TO THOSE who have ever felt frustrated by an inability to find the words necessary to connect the ideas of economic growth to environmental health, you are not alone and your observations have not gone unnoticed.

In Break Through: From the Death of Environmentalism to the Politics of Possibility, Berkeley authors Ted Nordhaus and Michael Shellenberger identify the shortcomings of the Environmentalist Movement and describe how it is ill-suited to tackle the challenges of global climate change. By failing to adapt to America’s conservative political shift since the 1960’s, the Environmentalist Movement has become mired in a “Politics of Limits”; an erroneous and politically self-defeating belief that meaningful environmental policy must simply be, above all else, regulatory.

The failures of American environmentalism are numerous and BT often reads as a no-holds-barred criticism of environmentalists from the NIMBYism of Robert Kennedy Jr. to the terrifying Al Gore film An Inconvenient Truth. Kennedy is ridiculed for famously lobbying against the construction of wind turbines near his home in Nantucket Sound, Mass., and Truth is decried for dosing audiences with two hours of panic followed by the suggestion to buy fluorescent light bulbs—among other quasi-comforting afterthoughts—buried before the credits.

Break Through authors Nordhaus and Shellenberger argue for a paradigm-shift in our understanding of environmentalist politics. The solution, they argue, is not just to limit the emissions of our old, fossil-fuel economy, but to unleash the American Spirit in an Apollo-like challenge to create a new, clean-energy economy.

One of BT’s most original themes is that progressive social change tends to occur not when people are terrified and insecure, but when they have hope and sense of security. Al Gore, N&S lament, blew it by warning viewers of Truth that the climate crisis will force us to “change the way we live our lives” without ever bothering to give “the impression that this change might be for the better”.

At first, it is unclear whether or not N&S fail to recognize the motivating role fear can play, or simply feel that the alarm bell has been sufficiently sounded and its time to move on. An irony of BT is that, by evoking the Apollo moon missions, N&S don’t acknowledge that Neil Armstrong’s famous step was made possible as much out of fear from Sputnik as it was from Kennedy’s appeal to the American desire for greatness.

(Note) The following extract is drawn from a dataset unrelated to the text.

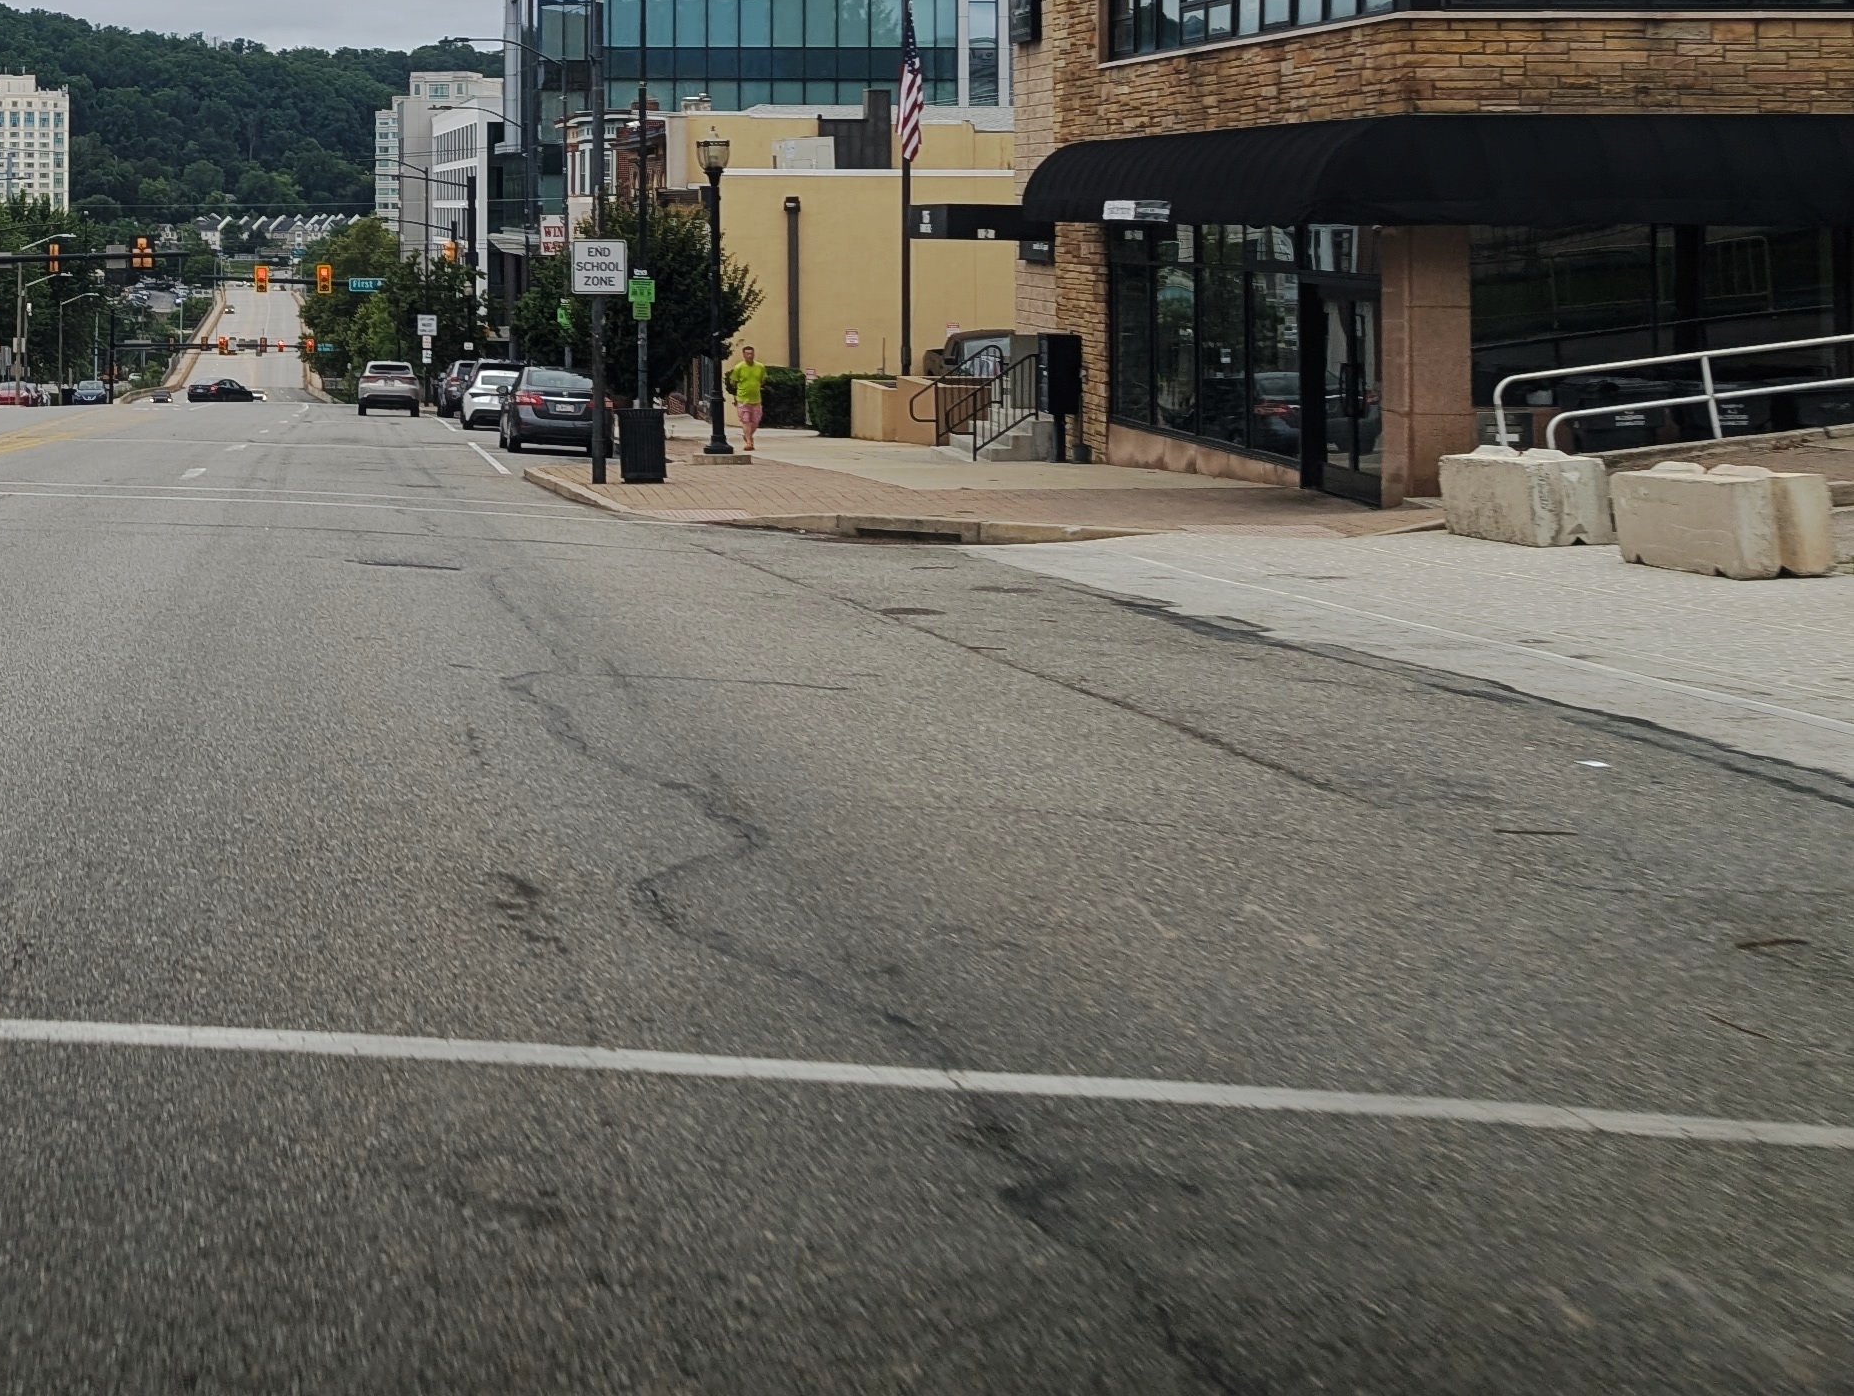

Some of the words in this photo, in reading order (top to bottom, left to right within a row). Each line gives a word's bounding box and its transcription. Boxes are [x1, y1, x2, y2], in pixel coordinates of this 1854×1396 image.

[587, 246, 611, 257] END
[575, 261, 624, 272] SCHOOL
[352, 279, 373, 288] First
[583, 275, 616, 287] ZONE

Alas, N&S clarify. At its introduction, BT explains the power of hope by asking what would have become of the civil rights movement had Martin Luther King given an “I Have a Nightmare” speech instead of his famous “I Have a Dream”. However, citing the depressing tone in which the speech begun, N&S concede “it was probably for the best that King gave a nightmare speech before the dream speech…Had he ignored the valley, the mountaintop would not have been as high or as bright.”